*** Extracted material

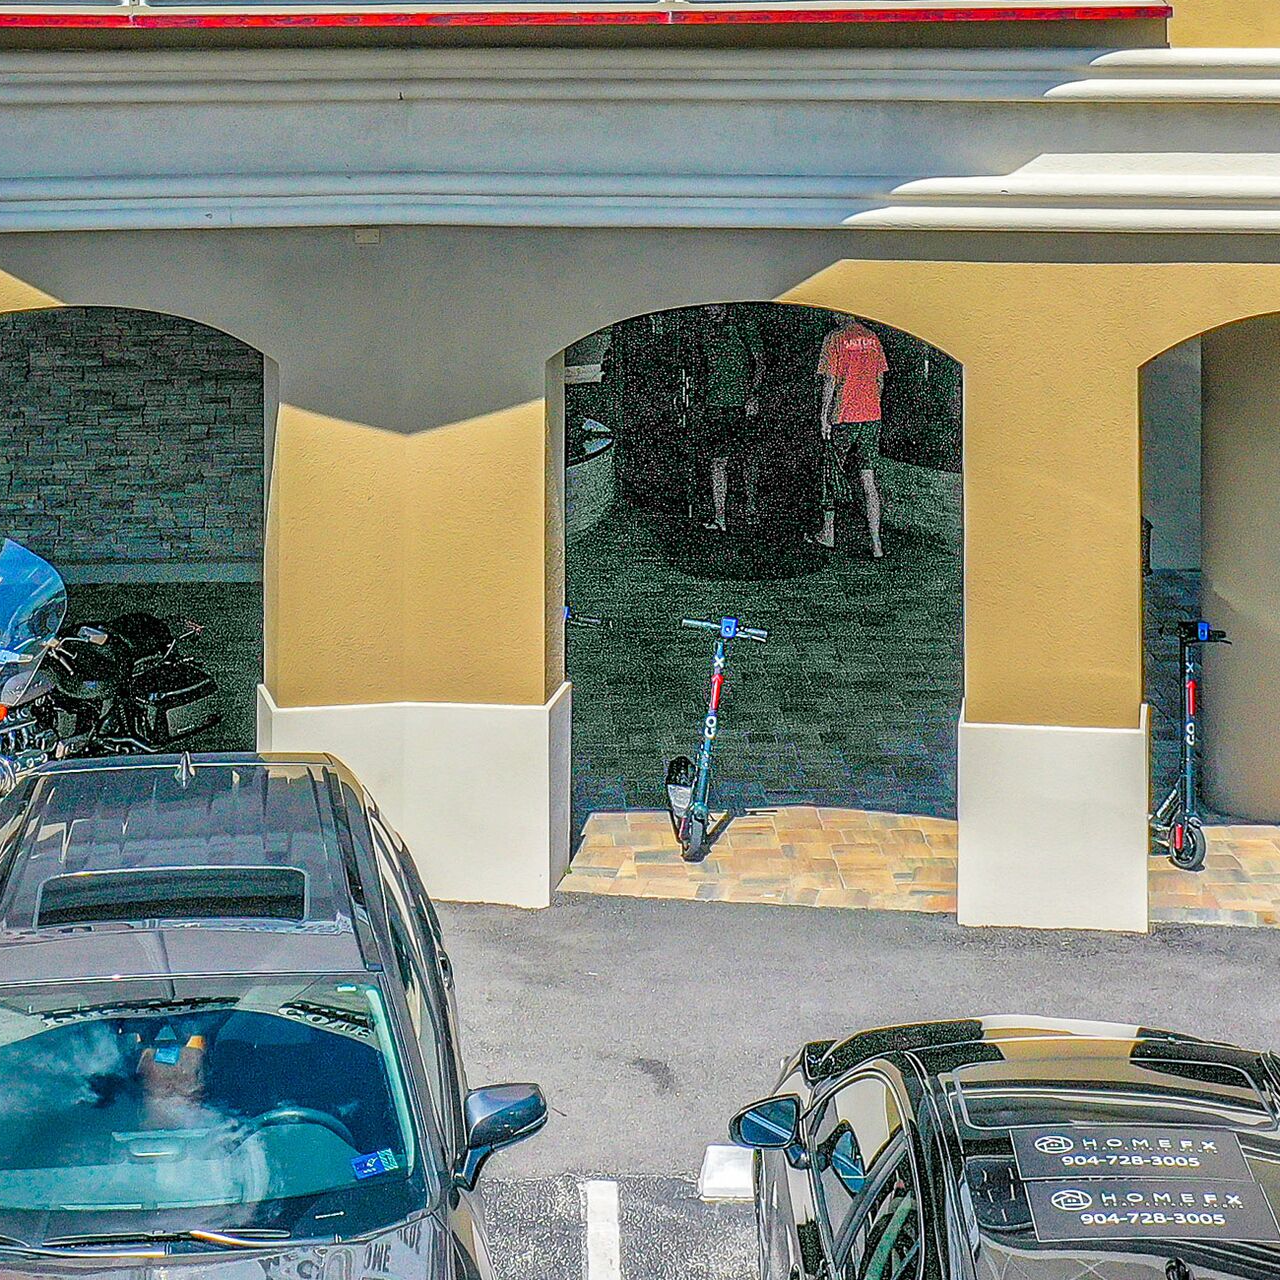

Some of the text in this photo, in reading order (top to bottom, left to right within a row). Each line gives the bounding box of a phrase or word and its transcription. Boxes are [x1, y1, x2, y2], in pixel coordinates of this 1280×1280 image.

[1082, 1138, 1217, 1151] HOMEFX
[1061, 1155, 1201, 1168] 904-728-3005
[1101, 1192, 1243, 1205] HOMEFX
[1080, 1212, 1226, 1225] 904-728-3005
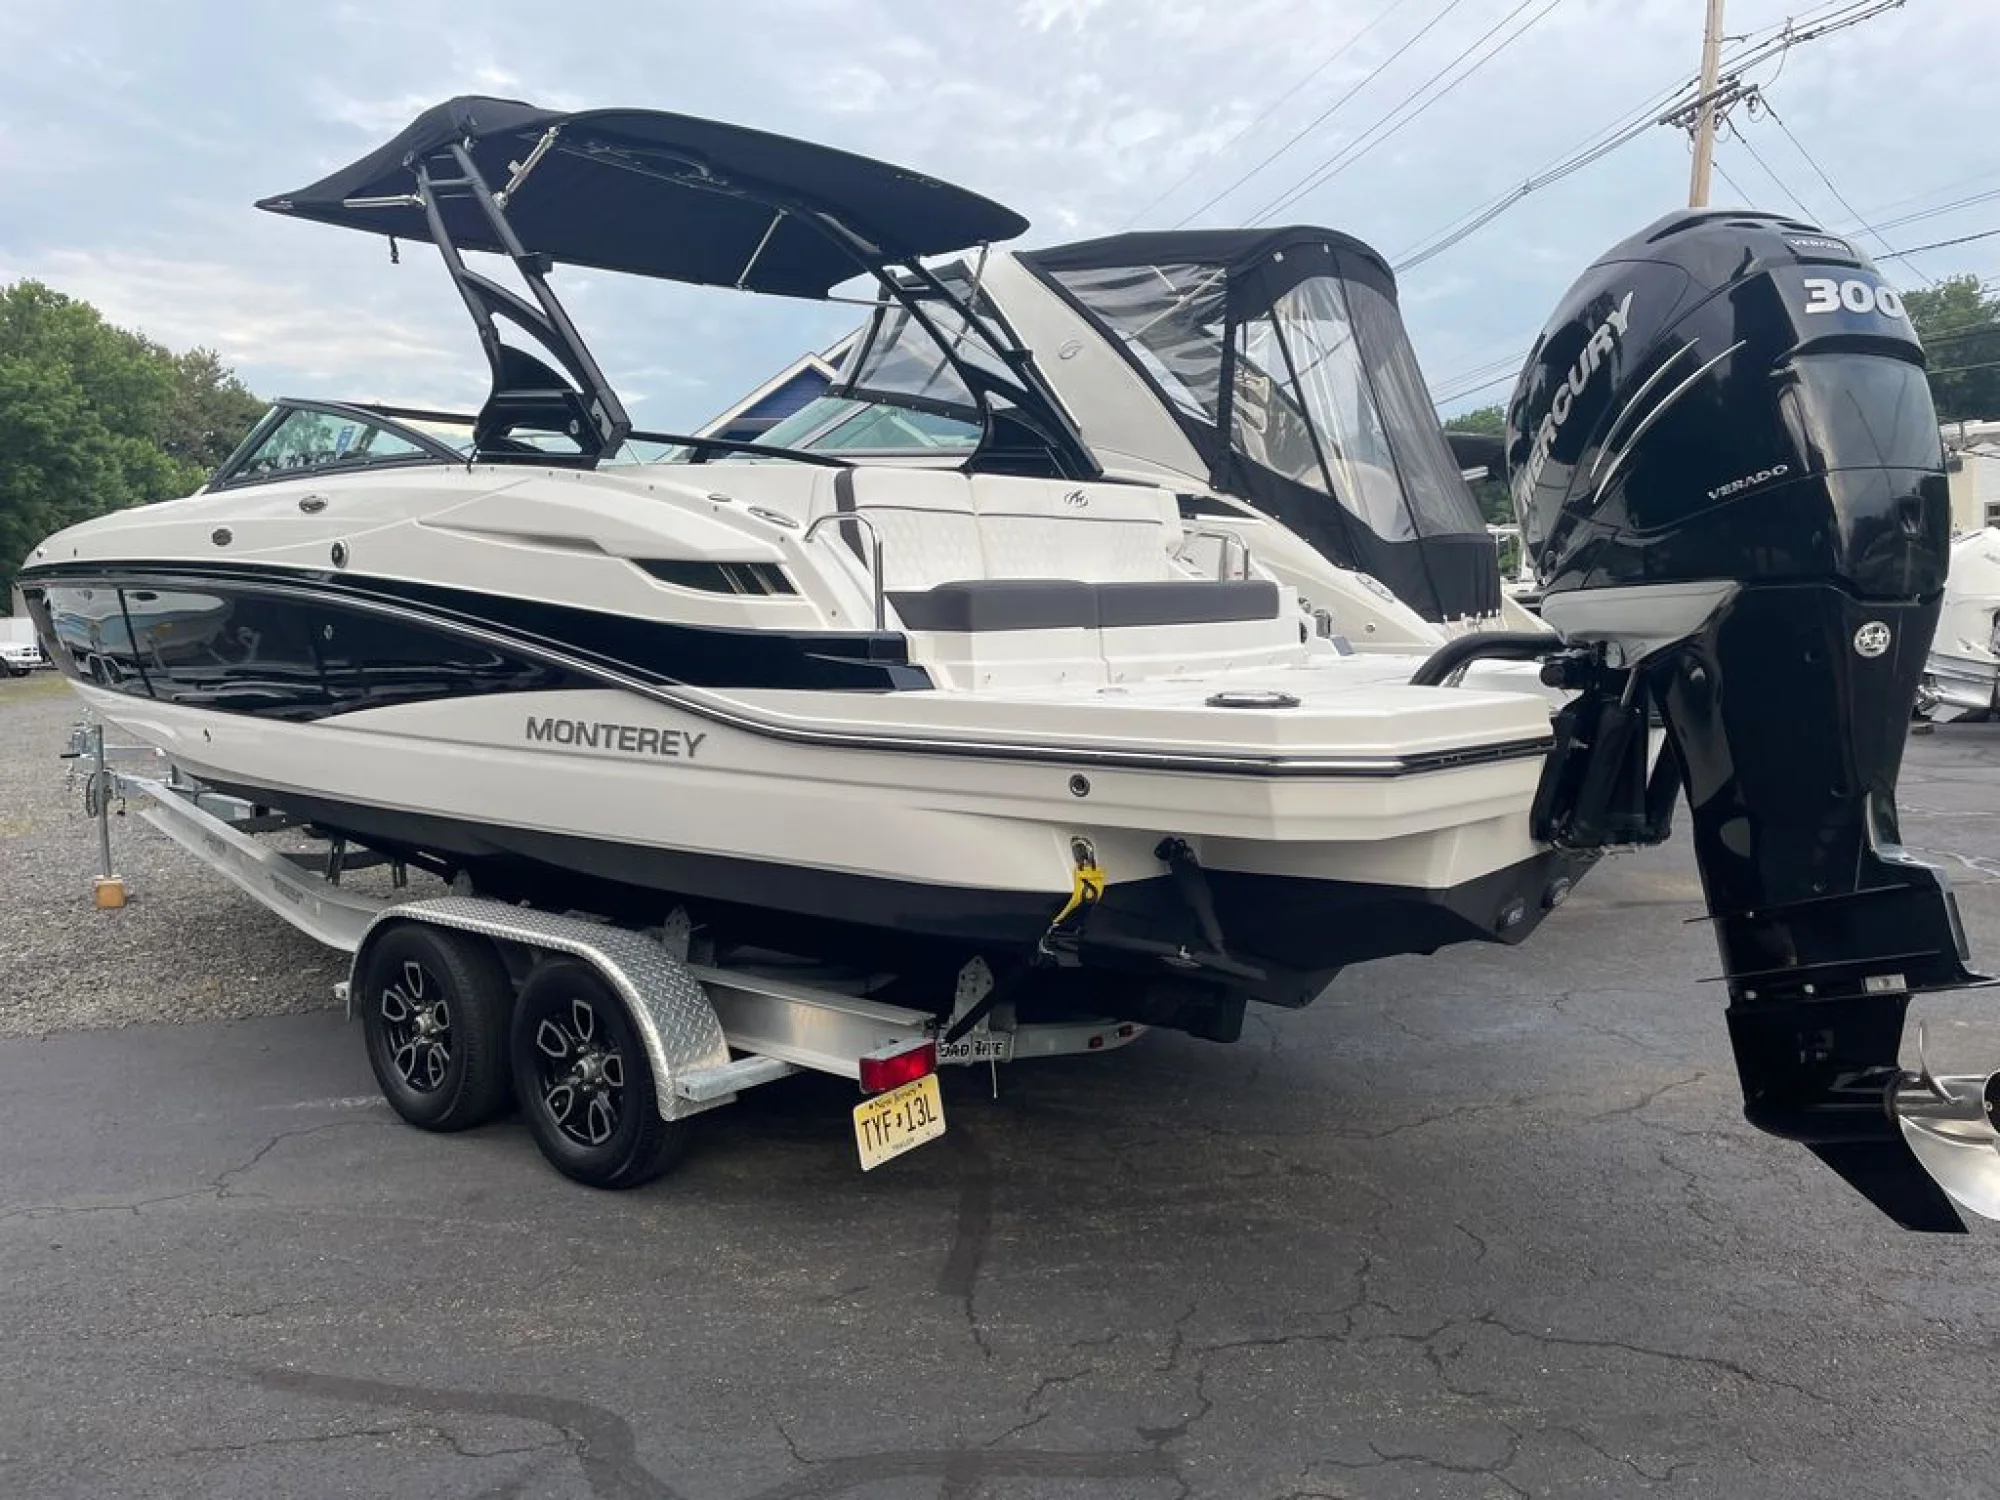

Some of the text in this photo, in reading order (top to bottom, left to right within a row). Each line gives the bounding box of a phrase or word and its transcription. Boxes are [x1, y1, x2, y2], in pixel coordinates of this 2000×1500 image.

[1803, 278, 1905, 318] 300
[1512, 291, 1634, 518] MERCURY
[1707, 464, 1788, 500] VERADO
[526, 716, 707, 758] MONTEREY

******

**Work required:** Looking at the records above, please output exactly the lines that run from the one holding "this 2000×1500 image." to the final line, and only those.

**Solution:**
Some of the text in this photo, in reading order (top to bottom, left to right within a row). Each line gives the bounding box of a phrase or word and its transcription. Boxes are [x1, y1, x2, y2], in pixel coordinates of this 2000×1500 image.

[1803, 278, 1905, 318] 300
[1512, 291, 1634, 518] MERCURY
[1707, 464, 1788, 500] VERADO
[526, 716, 707, 758] MONTEREY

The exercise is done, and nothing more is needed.